• **Goal of the exercise**:
All the lines below should be set down exactly, with no picture carried into the copy.

• **Records to process**:

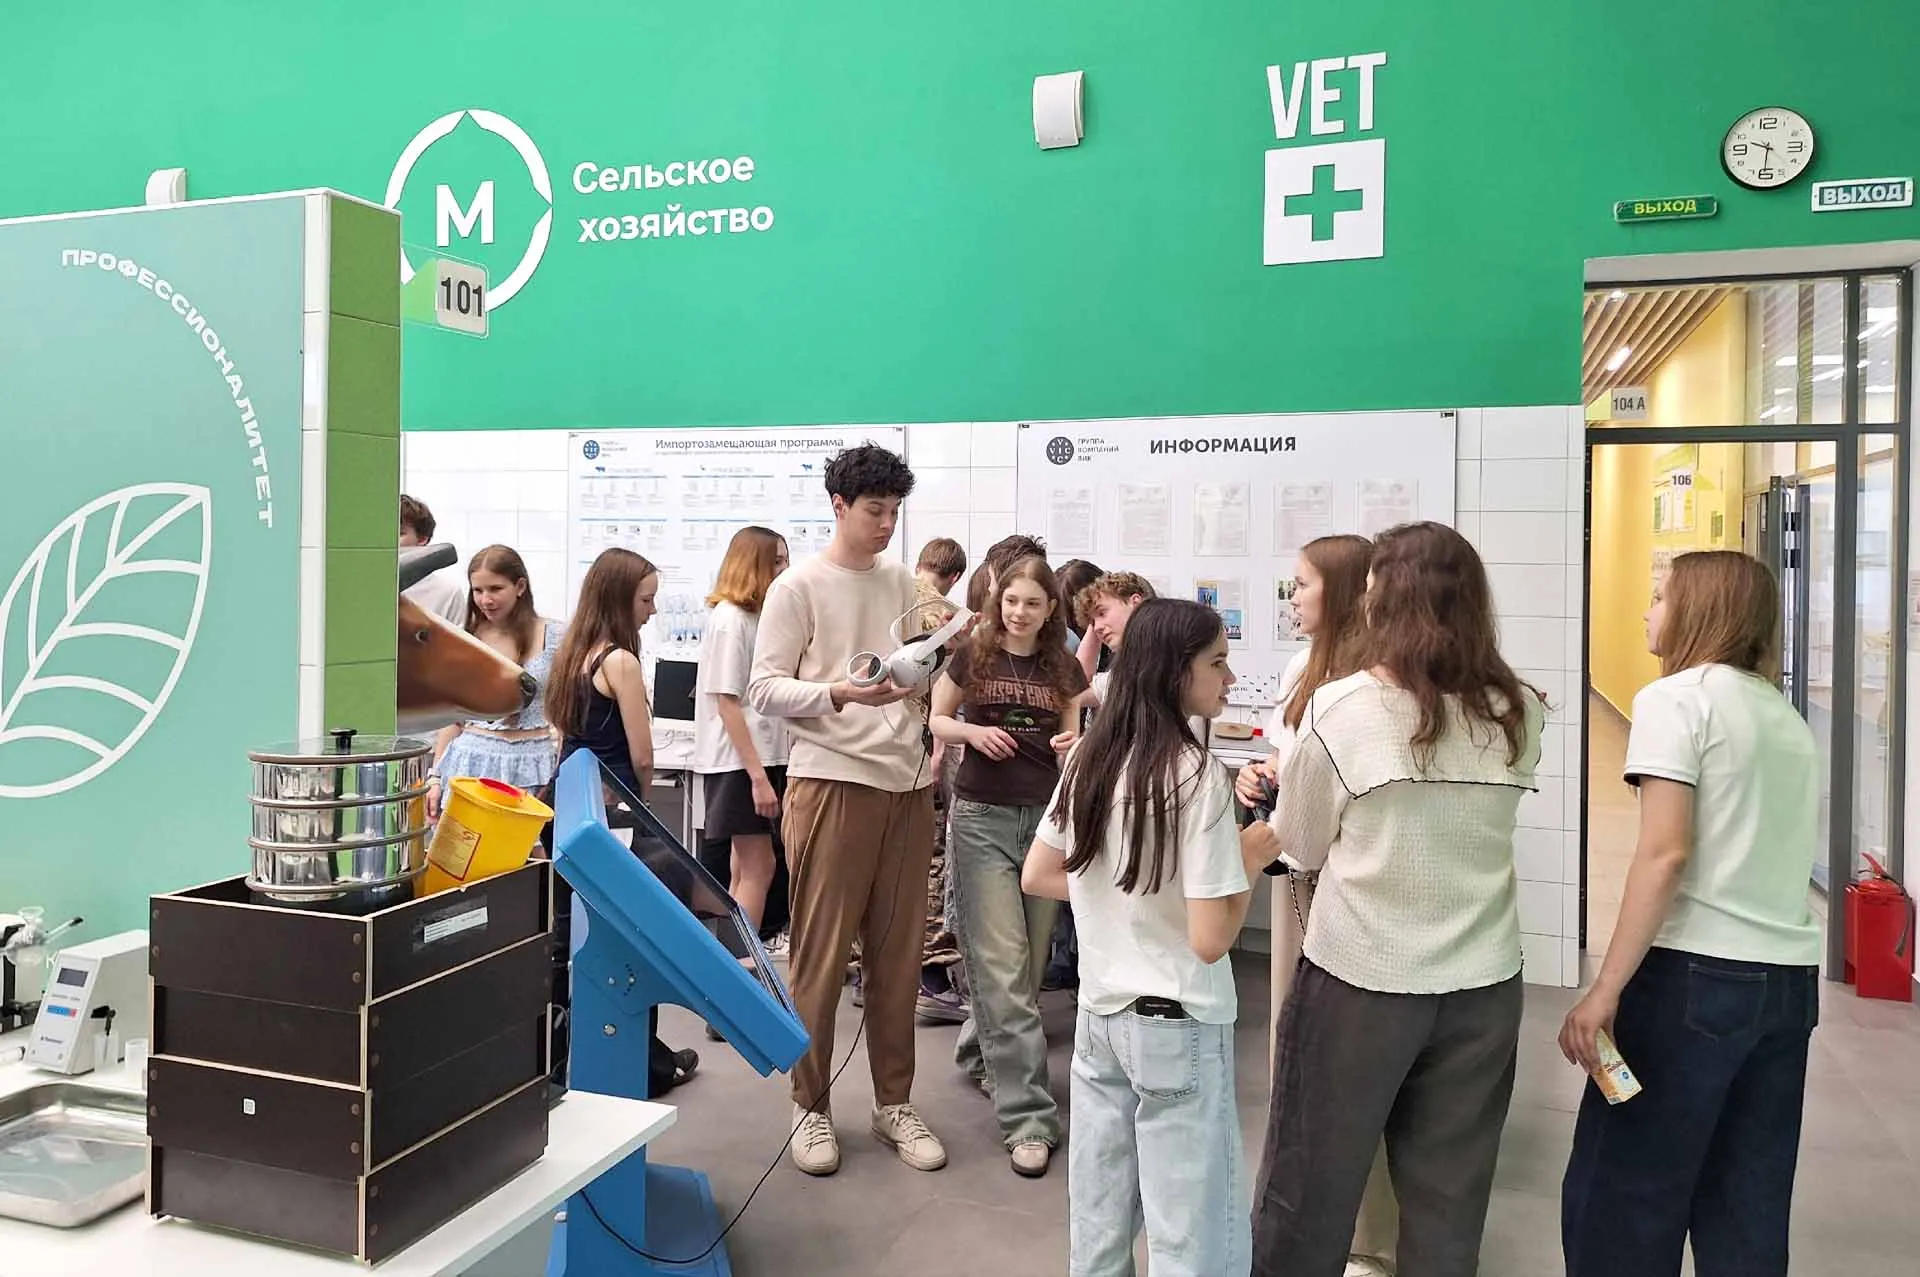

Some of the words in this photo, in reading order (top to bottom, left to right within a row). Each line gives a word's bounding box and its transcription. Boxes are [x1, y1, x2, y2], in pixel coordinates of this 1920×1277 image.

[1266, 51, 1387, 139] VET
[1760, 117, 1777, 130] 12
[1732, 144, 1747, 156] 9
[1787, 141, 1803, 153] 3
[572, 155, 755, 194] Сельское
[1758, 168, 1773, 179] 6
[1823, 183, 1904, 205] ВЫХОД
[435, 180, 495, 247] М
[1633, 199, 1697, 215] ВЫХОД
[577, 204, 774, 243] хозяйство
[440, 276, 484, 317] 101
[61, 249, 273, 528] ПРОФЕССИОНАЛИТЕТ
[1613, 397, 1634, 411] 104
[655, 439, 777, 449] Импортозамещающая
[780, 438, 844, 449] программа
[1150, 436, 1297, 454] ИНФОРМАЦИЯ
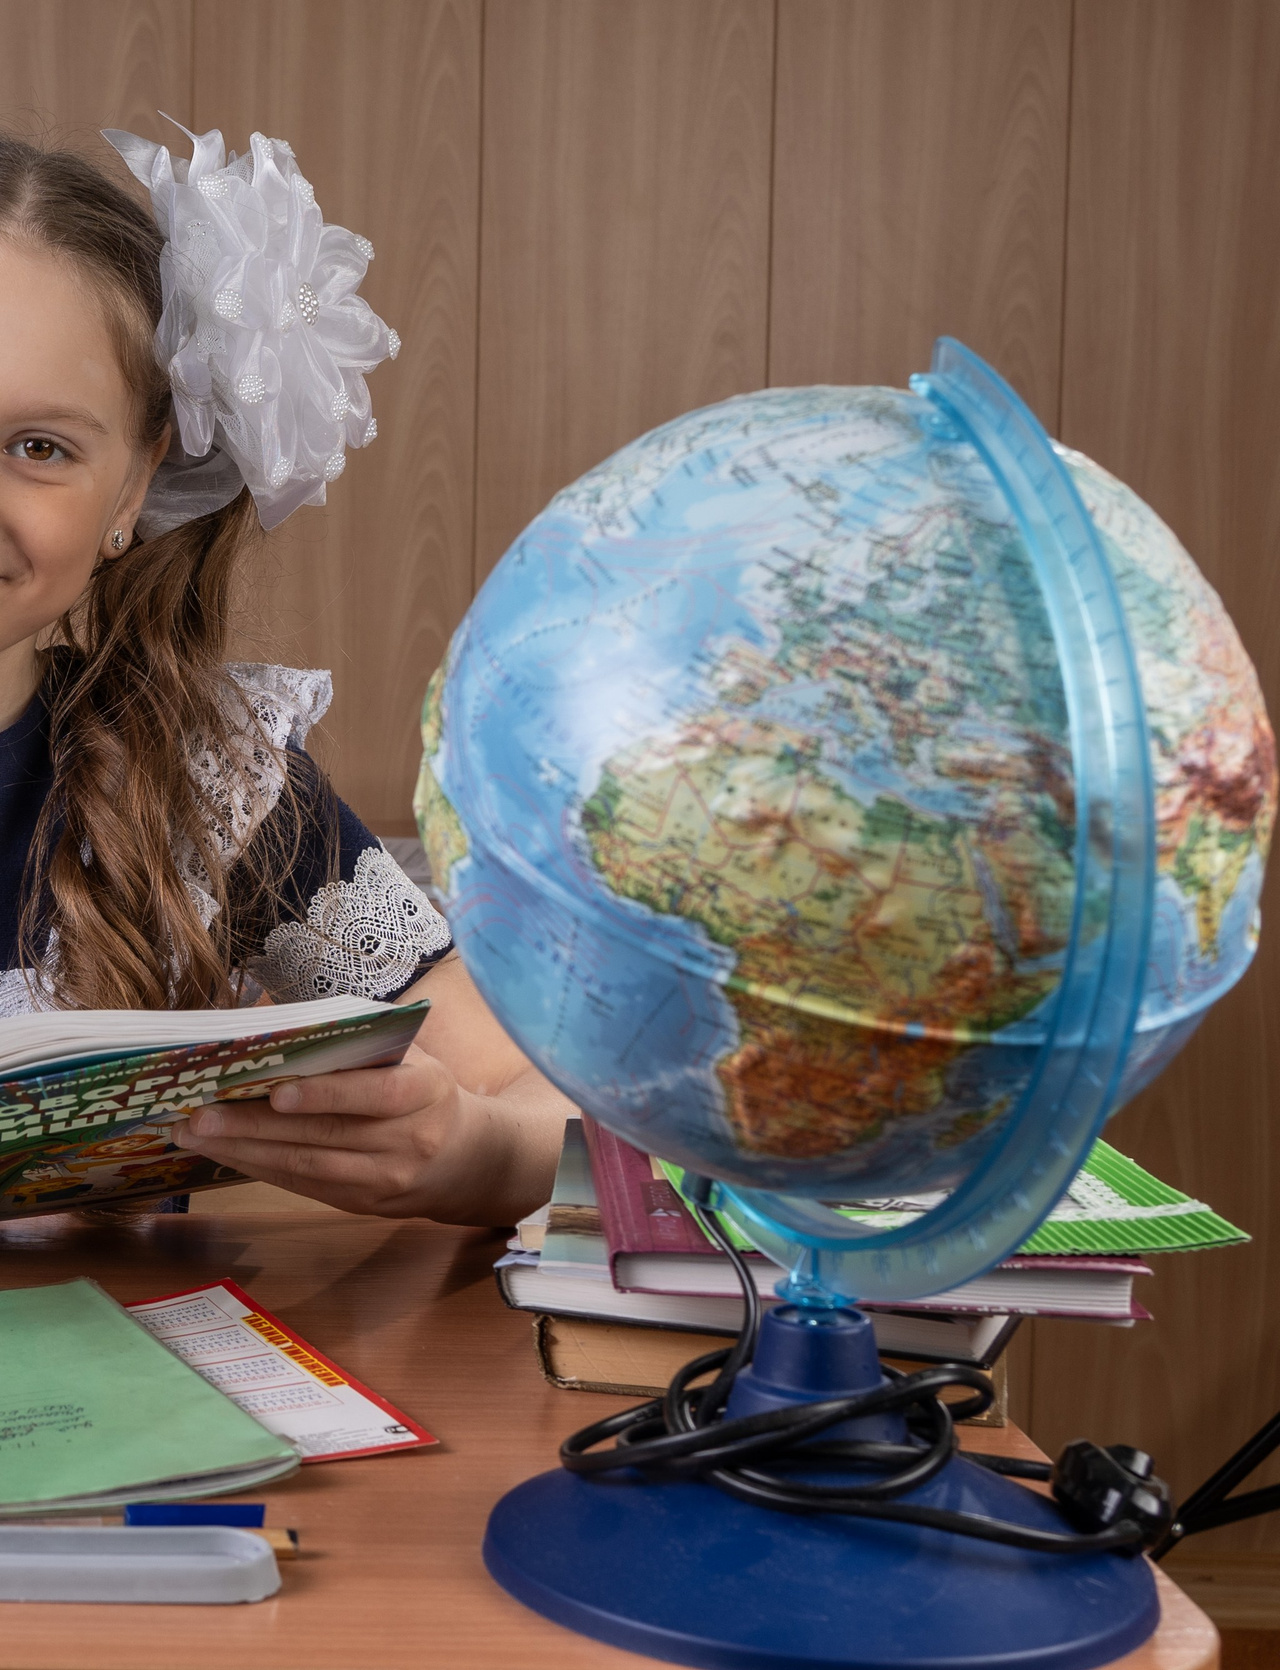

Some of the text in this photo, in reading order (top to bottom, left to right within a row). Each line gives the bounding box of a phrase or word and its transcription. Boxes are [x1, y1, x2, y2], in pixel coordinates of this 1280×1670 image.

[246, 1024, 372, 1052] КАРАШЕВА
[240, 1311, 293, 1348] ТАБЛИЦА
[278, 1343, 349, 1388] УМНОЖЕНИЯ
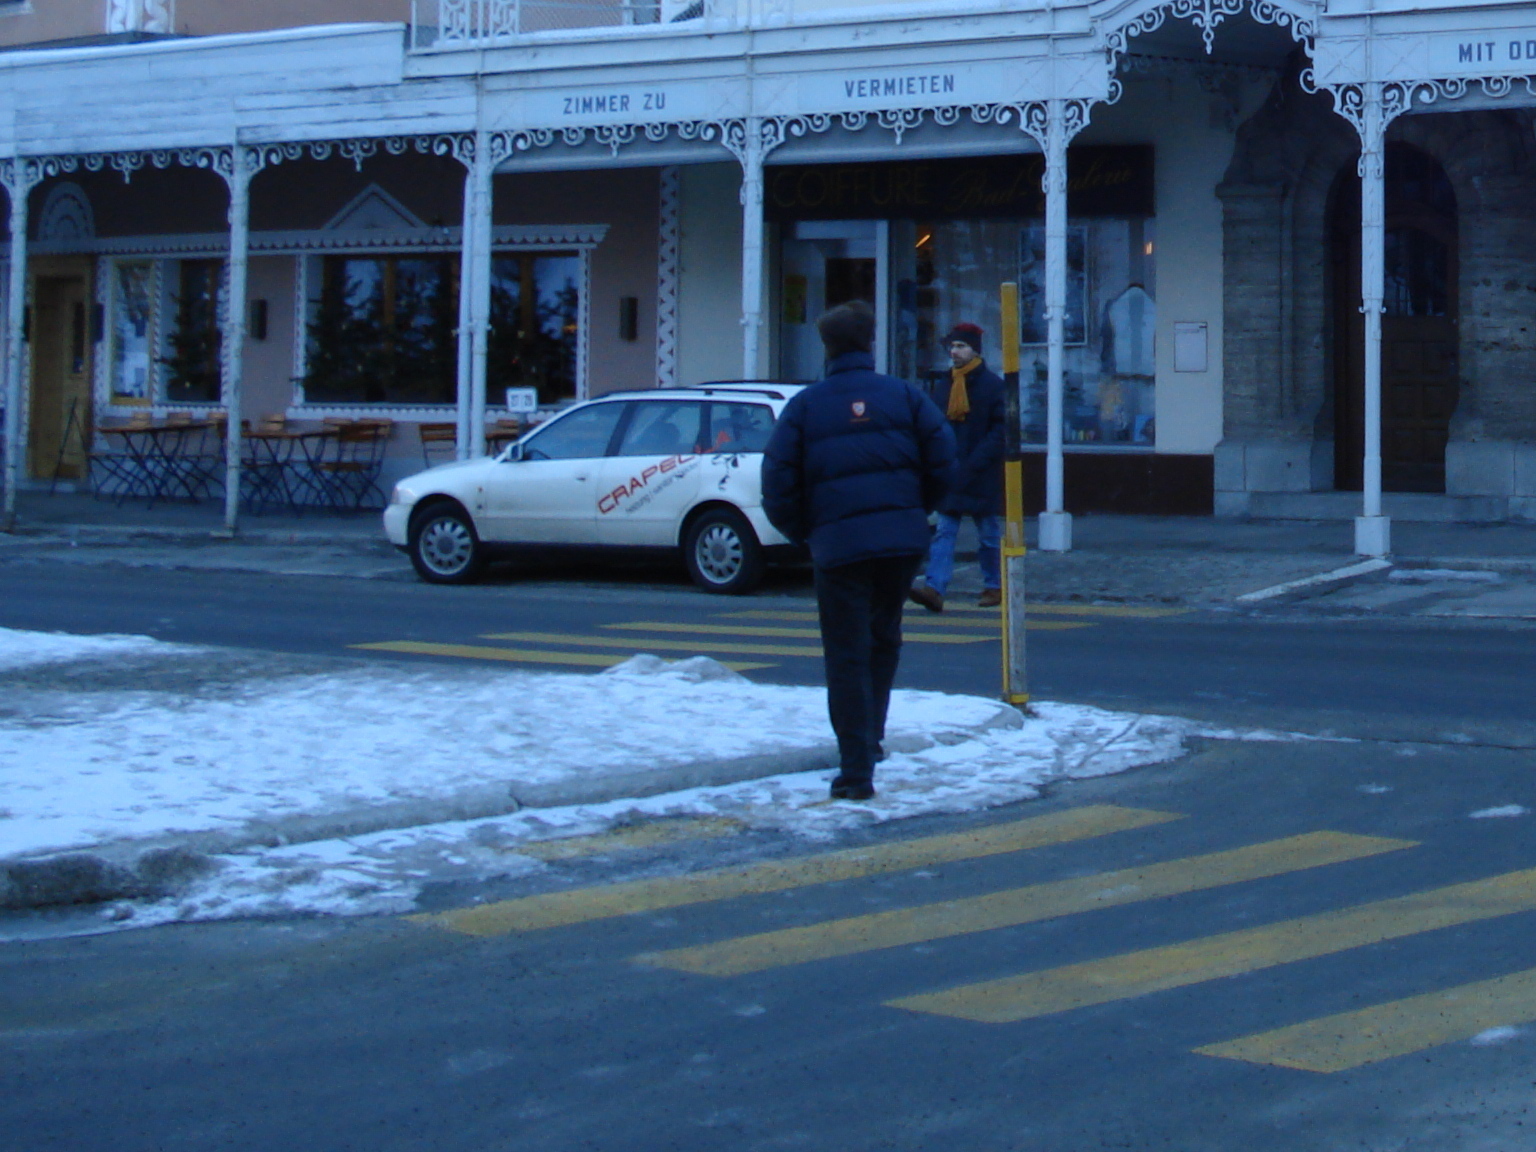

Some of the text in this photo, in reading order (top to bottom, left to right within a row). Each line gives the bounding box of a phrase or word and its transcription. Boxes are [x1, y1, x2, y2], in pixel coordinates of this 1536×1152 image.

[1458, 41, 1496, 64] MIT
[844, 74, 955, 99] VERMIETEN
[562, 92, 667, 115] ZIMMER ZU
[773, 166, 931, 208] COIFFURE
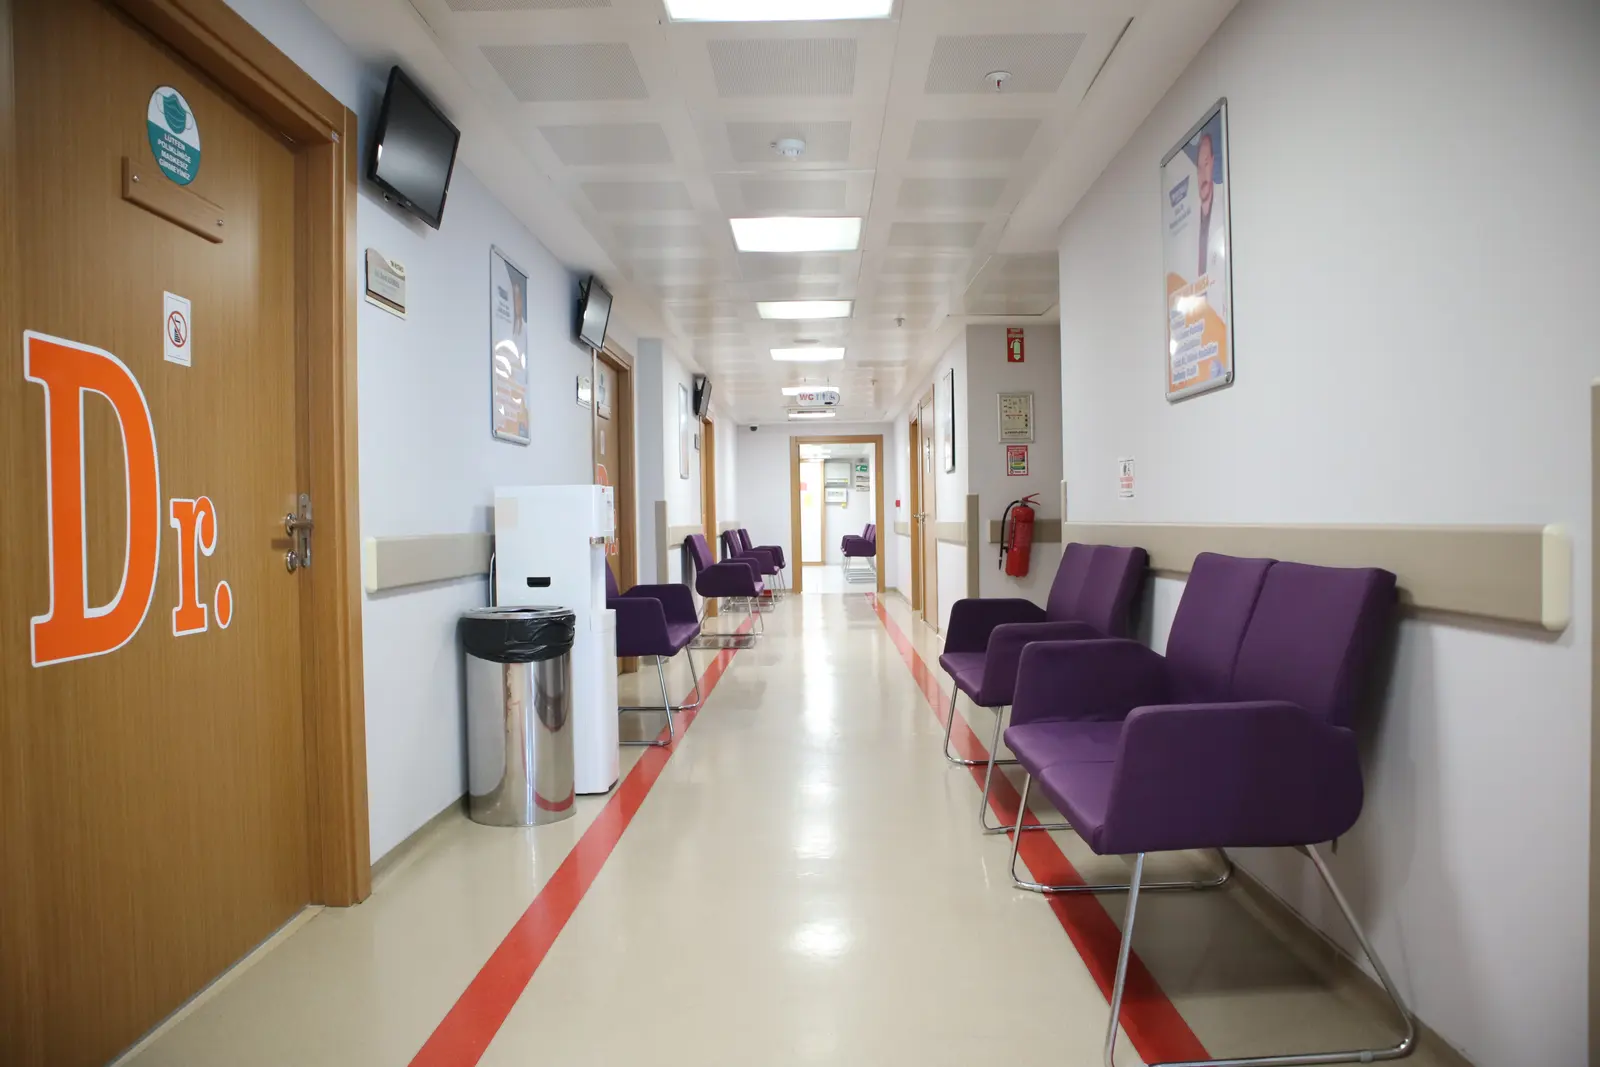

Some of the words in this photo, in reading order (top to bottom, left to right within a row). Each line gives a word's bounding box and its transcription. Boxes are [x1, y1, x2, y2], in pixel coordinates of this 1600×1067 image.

• **Final answer**:
Some of the words in this photo, in reading order (top to bottom, left to right within a row). Each line gives a word's bounding box and its transcription. Boxes are [x1, y1, x2, y2], in pixel coordinates of this 1920×1277 image.

[1266, 51, 1387, 139] VET
[1760, 117, 1777, 130] 12
[1732, 144, 1747, 156] 9
[1787, 141, 1803, 153] 3
[572, 155, 755, 194] Сельское
[1758, 168, 1773, 179] 6
[1823, 183, 1904, 205] ВЫХОД
[435, 180, 495, 247] М
[1633, 199, 1697, 215] ВЫХОД
[577, 204, 774, 243] хозяйство
[440, 276, 484, 317] 101
[61, 249, 273, 528] ПРОФЕССИОНАЛИТЕТ
[1613, 397, 1634, 411] 104
[655, 439, 777, 449] Импортозамещающая
[780, 438, 844, 449] программа
[1150, 436, 1297, 454] ИНФОРМАЦИЯ

Some of the text in this photo, in reading order (top to bottom, left to right within a row). Each line gives the bounding box of a phrase or word and its transcription. Boxes are [x1, y1, x2, y2], in pixel coordinates of this 1280×1670 image.

[246, 1024, 372, 1052] КАРАШЕВА
[240, 1311, 293, 1348] ТАБЛИЦА
[278, 1343, 349, 1388] УМНОЖЕНИЯ

Some of the text in this photo, in reading order (top to bottom, left to right within a row). Each line gives the bounding box of a phrase or word and its transcription. Boxes are [x1, y1, x2, y2], in pixel coordinates of this 1536×1152 image.

[1458, 41, 1496, 64] MIT
[844, 74, 955, 99] VERMIETEN
[562, 92, 667, 115] ZIMMER ZU
[773, 166, 931, 208] COIFFURE

Some of the words in this photo, in reading order (top to bottom, left to right within a row). Each line gives a word's bounding box and its transcription. Boxes are [x1, y1, x2, y2], in pixel coordinates of this 1600×1067 image.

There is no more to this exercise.